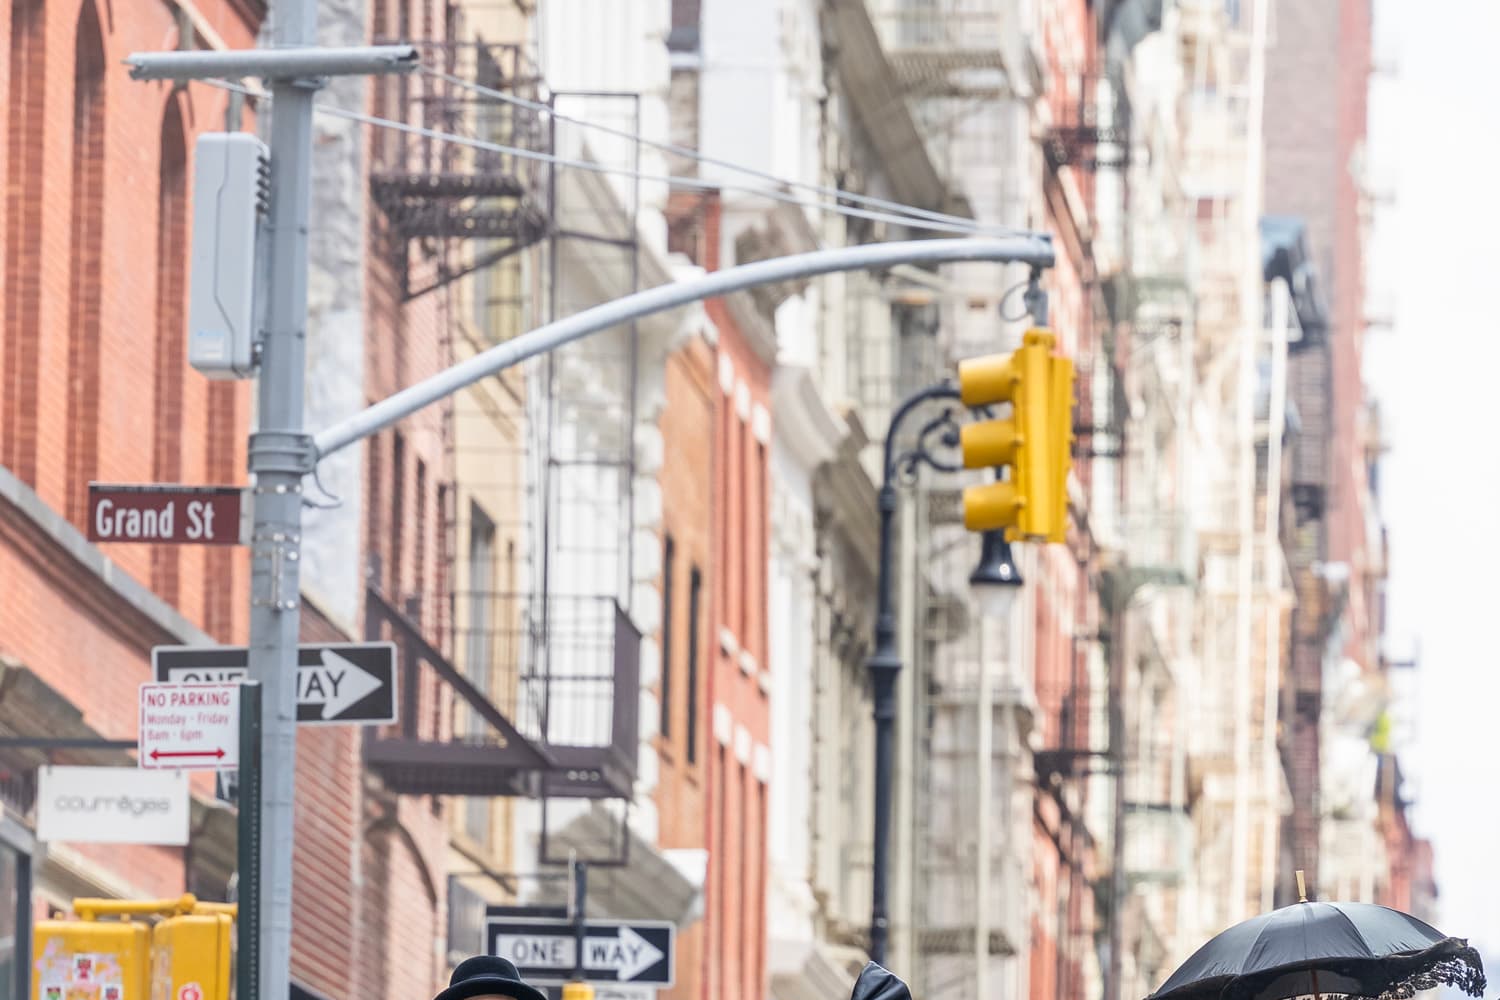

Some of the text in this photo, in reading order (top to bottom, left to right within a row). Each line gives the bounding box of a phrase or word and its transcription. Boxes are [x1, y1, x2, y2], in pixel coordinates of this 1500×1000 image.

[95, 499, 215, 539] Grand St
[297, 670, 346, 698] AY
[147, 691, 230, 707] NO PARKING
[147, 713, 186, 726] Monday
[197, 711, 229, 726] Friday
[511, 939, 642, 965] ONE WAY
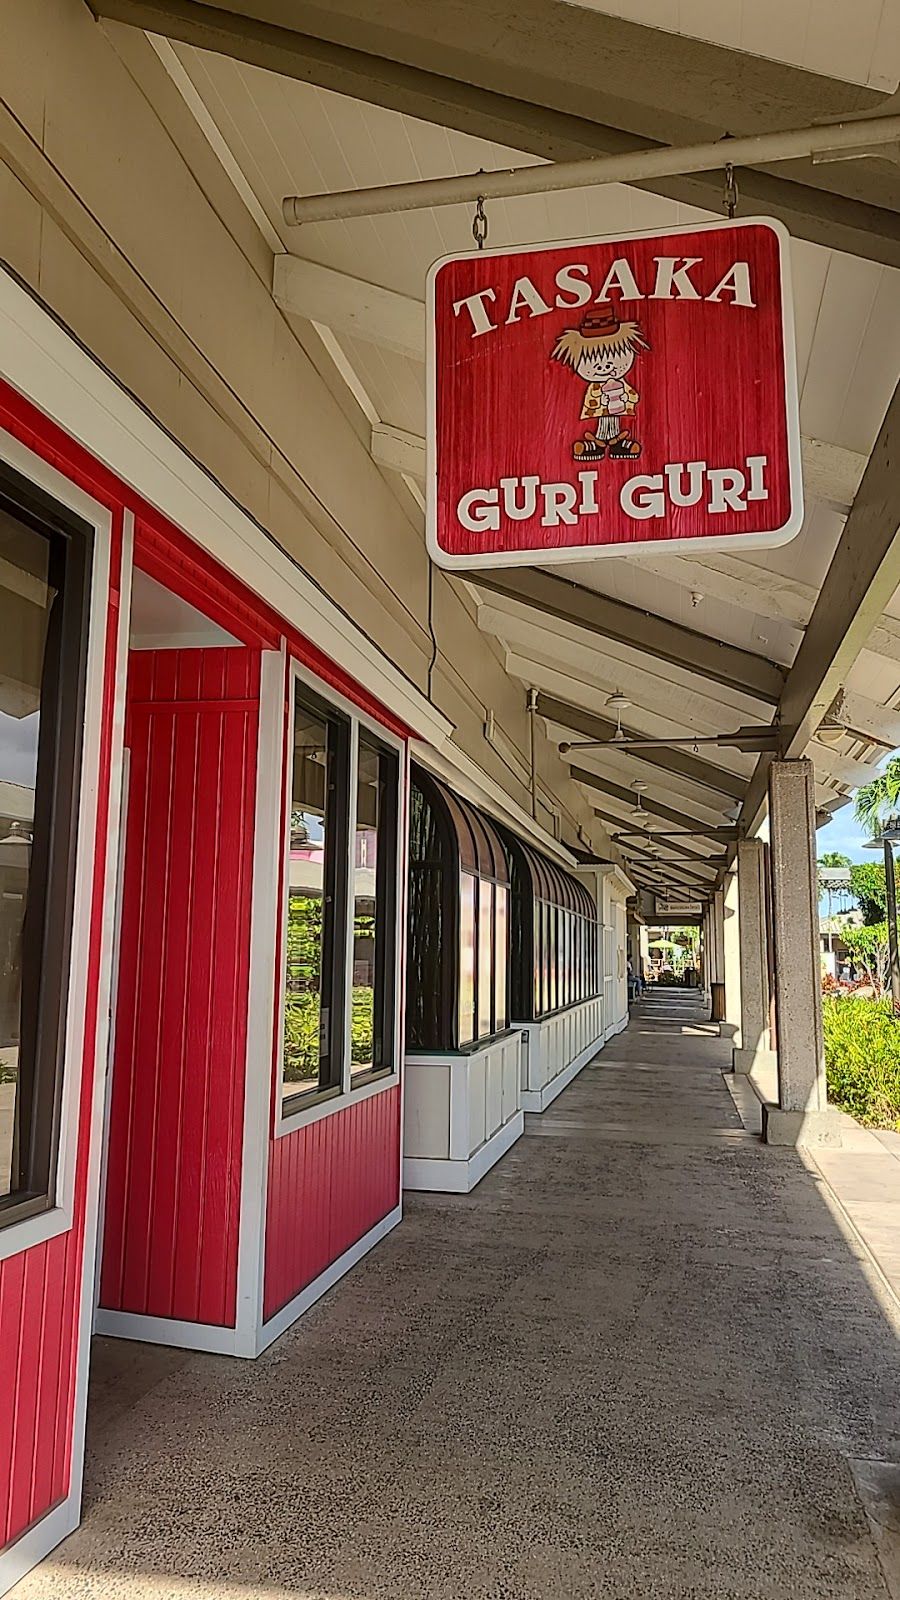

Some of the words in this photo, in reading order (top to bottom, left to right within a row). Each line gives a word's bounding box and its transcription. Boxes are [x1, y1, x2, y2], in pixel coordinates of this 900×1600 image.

* * *

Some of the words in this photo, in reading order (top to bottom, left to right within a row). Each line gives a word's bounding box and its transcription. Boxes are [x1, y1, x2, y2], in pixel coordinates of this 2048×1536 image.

==

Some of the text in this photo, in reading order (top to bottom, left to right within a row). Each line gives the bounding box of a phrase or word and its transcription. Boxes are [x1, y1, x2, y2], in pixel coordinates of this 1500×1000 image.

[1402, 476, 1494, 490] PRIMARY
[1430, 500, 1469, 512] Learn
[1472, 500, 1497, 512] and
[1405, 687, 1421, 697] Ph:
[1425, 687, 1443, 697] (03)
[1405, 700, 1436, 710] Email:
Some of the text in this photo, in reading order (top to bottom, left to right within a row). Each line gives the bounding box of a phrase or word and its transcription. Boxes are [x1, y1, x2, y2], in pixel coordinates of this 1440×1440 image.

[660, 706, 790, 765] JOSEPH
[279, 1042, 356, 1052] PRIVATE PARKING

What is required »
Return every line of the entries above that the string "words" appears in.

Solved exercise »
Some of the words in this photo, in reading order (top to bottom, left to right within a row). Each line gives a word's bounding box and its transcription. Boxes are [x1, y1, x2, y2], in pixel coordinates of this 900×1600 image.
Some of the words in this photo, in reading order (top to bottom, left to right within a row). Each line gives a word's bounding box and its transcription. Boxes are [x1, y1, x2, y2], in pixel coordinates of this 2048×1536 image.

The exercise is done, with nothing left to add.